Know the difference between all-purpose and self-rising white flour
Self-rising and all-purpose white flour serve different baking purposes. Don’t use self-rising flour in place of all-purpose flour or results may be disappointing.
Enter the baking aisle in a local grocery store and you will likely see several different types of white flour. Each five pound package of all-purpose flour, self-rising flour, cake flour, and pastry flour contains about 17 ½ cups of white flour but each type of flour has a specific percentage of protein and gluten to create delicious baked goods. When a recipe doesn’t specify which type of flour, a consumer may be baffled which one to buy. Let’s take a look at two popular white flour products—all-purpose and self-rising flour—to see how they are made and when to use each one.
All white flour is made from wheat, however, it is not made from the entire grain of wheat. The grain or kernel of wheat, which is the seed from which a grain plant grows, contains three distinct parts. The outer covering which is high in insoluble fiber is called the bran. The middle layer of the kernel, called the endosperm, contains proteins and carbohydrates. The germ is the inner most portion of the kernel and is a rich source of unsaturated fat, B vitamins, antioxidants and phytochemicals.

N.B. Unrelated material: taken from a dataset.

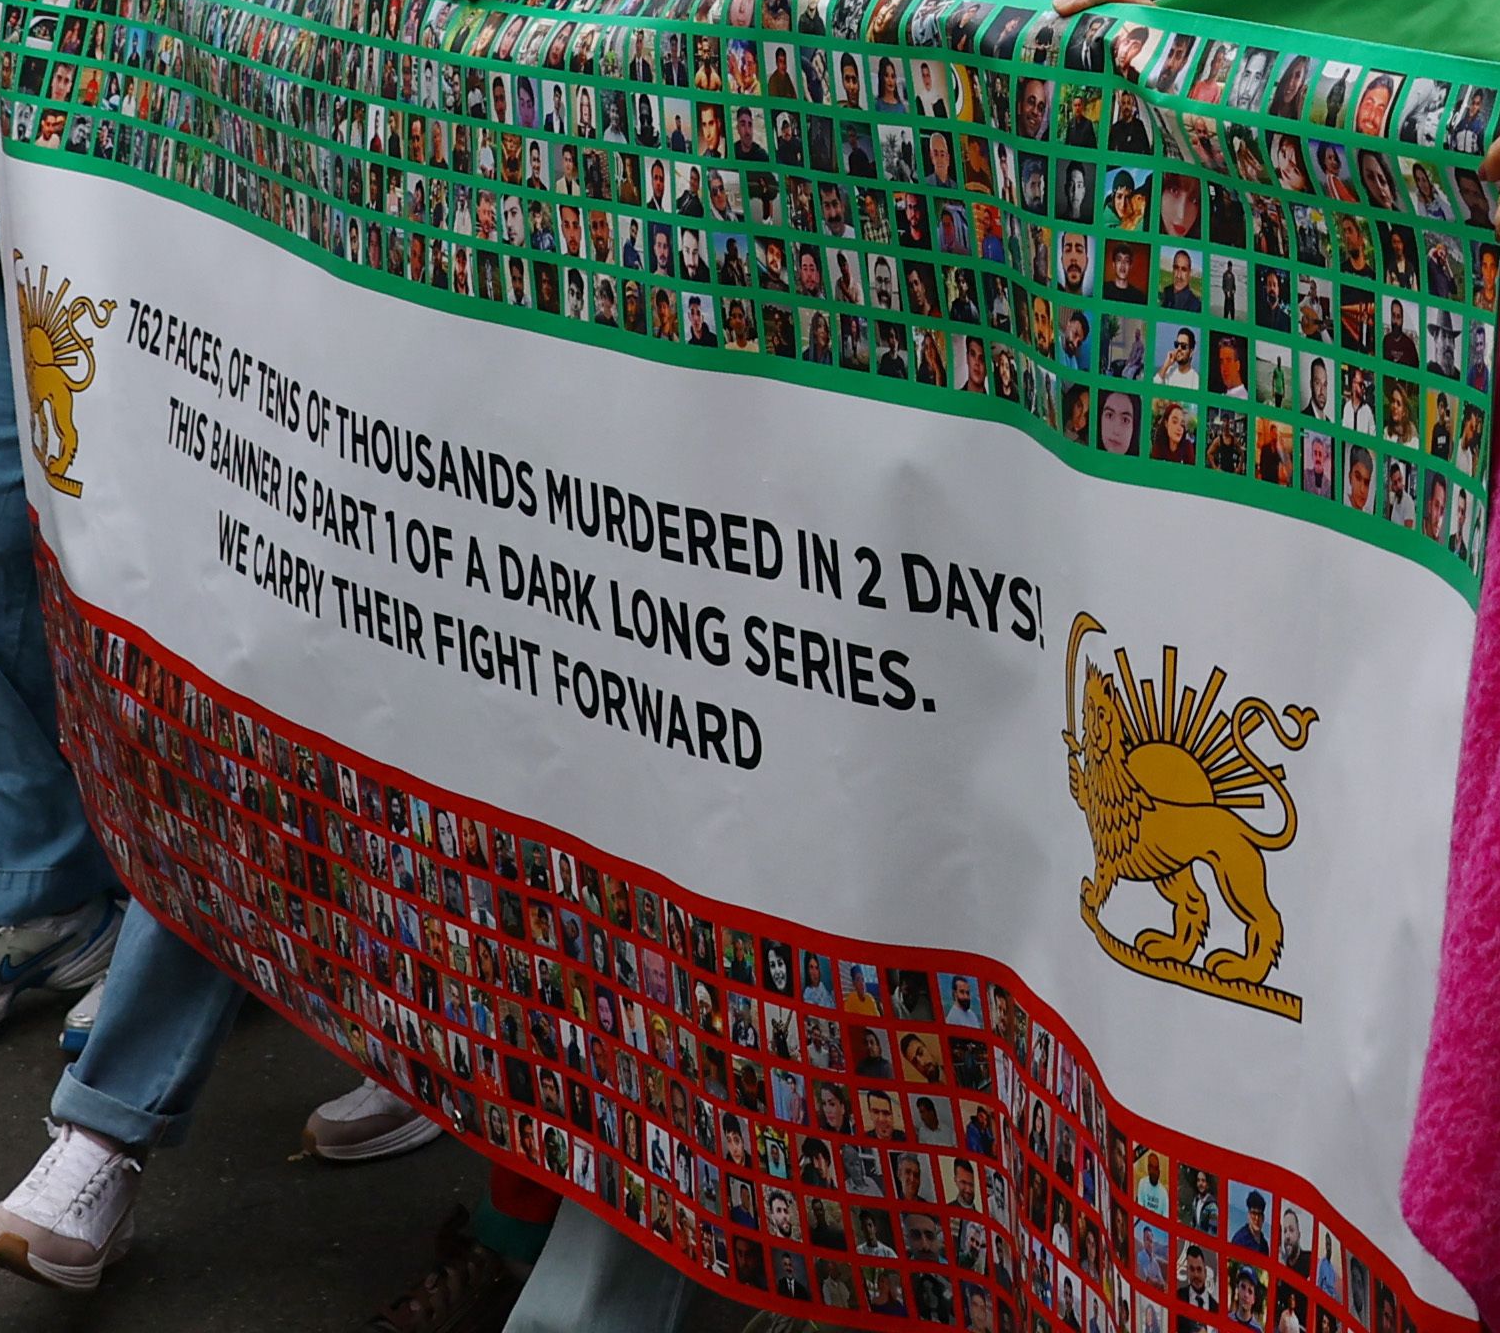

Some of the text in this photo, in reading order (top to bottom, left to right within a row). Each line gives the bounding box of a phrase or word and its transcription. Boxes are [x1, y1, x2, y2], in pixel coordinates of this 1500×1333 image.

During the milling process, the bran and germ are removed to make white flour which contains only the endosperm. Removing the bran significantly reduces the fiber content of the flour. Look at the food nutrition labels on products made with white flour and you will see that they are low in fiber. Removing the germ increases the shelf life of white flour enabling it to be stored in an airtight container for six to eight months. Removing the wheat germ also reduces the healthy unsaturated fats, antioxidants and phytochemicals. Grinding the starchy endosperm results in a flour that is versatile and can be made into varieties such as all-purpose and self-rising flour.
All-purpose flour is suitable for most purposes such as baking, cooking, coating meats, vegetables and as a thickening agent for sauces and gravies. A mixture of hard wheat which contains more gluten and soft wheat are ground together to make all-purpose flour. All-purpose flour is versatile as it contains an average amount of protein. The more protein in the wheat the more gluten is formed. Gluten provides the elasticity to the dough, helping it to stretch and trap the gases formed by leavening agents like yeast and baking powder. The dough will naturally rise resulting in baked goods that look and taste delicious.
Self-rising flour should only be used when a recipe calls for self-rising flour because salt and baking powder (which is a leavening agent) have been added and distributed evenly through the flour. Be sure to measure self-rising flour accurately. It is not recommended to substitute self-rising flour for other types of flour since a leavening agent has been added. If you do not have self-rising flour and the recipe calls for it, you can make your own by combining 1 cup all-purpose flour with 1 teaspoon baking powder and ¼ teaspoon salt. Remember do not add additional baking powder to the recipe if you use self-rising flour. Some recipes for biscuits, muffins, cakes, cookies and scones may call for self-rising flour.
Understanding the difference between all-purpose and self-rising flour should provide you with the confidence to choose the correct flour for your baking needs.